Media Contact: Mario Aguilera, (619) 534-7572, maguilera@ucsd.edu

UCSD RESEARCH AWARDS UP 31 PERCENT IN FIVE YEARS; $400 MILLION TOTAL TOPS IN UNIVERSITY OF CALIFORNIA

Research dollars awarded to the University of California, San Diego totaled more than $400 million in fiscal year 1997-1998, a jump of more than 31 percent compared with fiscal 1992-1993, according to information released by UCSD’s Office of Contract and Grant Administration.

The $400.6 million total for research awards, which includes funds awarded for research and clinical studies, ranks first in the University of California system. UCSD also led the UC system in research awards from the federal government at $316.1 million, a 26 percent jump compared with fiscal 1992-1993.

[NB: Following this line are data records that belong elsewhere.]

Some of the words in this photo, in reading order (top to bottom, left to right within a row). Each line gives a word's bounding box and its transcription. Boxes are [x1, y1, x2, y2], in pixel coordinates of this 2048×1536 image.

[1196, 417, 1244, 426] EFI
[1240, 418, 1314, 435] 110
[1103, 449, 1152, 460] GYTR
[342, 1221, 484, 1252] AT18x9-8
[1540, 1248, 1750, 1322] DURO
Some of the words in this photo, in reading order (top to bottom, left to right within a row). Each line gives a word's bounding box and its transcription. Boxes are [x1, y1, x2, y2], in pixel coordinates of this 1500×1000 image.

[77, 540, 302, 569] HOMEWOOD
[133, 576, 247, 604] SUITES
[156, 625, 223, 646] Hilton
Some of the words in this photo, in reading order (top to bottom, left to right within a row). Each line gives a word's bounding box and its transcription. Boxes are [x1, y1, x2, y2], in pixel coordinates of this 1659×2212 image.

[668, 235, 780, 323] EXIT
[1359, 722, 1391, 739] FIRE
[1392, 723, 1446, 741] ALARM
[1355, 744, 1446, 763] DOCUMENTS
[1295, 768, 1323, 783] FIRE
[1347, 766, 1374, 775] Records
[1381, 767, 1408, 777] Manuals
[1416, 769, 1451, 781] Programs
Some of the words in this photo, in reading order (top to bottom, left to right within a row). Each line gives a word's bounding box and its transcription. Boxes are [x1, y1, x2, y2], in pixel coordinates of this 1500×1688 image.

"In its short history, UCSD has emerged as a national research leader, and the latest increase in research funding awarded to the campus goes further to underscore that," said Richard Attiyeh, UCSD Vice Chancellor for Research and Dean of Graduate Studies.  "Given the excellence of the other campuses within the University of California system, to say UCSD is leading the UC system in research awards is saying quite a lot."

In the larger category of "total contract and grant awards," a sum that includes funds for research, training, clinical studies and public service, UCSD received $412.4 million in fiscal 1997-1998, representing a jump of more than 84 percent in ten years.  The total for federal contract and grant awards, $324.3 million, was first in the UC system in 1997-1998.

Led by a $22 million award from the National Science Foundation for the National Partnership for Advanced Computational Infrastructure at UCSD’s San Diego Supercomputer Center, major awards in 1997-1998 included a $10.5 million National Science Foundation award to Scripps Institution of Oceanography, a $7.8 million award from the National Oceanic and Atmospheric Administration to Scripps and a $5.6 million award from the National Institutes of Health for an Alzheimer’s disease study conducted by the UCSD School of Medicine.

UCSD’s contract and grant awards total increased more than 17 percent in one year from 1996-1997 to 1997-1998, led by individual jumps of more than 21 percent in federal government awards and more than 27 percent in private industry awards.

According to the Chronicle of Higher Education, UCSD ranked third in the nation in research and development spending for the most recent year figures are available (1996).  In the Chronicle’s list of the top 100 institutions, UCSD ranked behind Johns Hopkins University and the University of Washington, and ahead of Stanford University, the University of Michigan, the Massachusetts Institute of Technology, UCLA, the University of Wisconsin-Madison, UC San Francisco, the University of Pennsylvania, Cornell University, and Harvard University.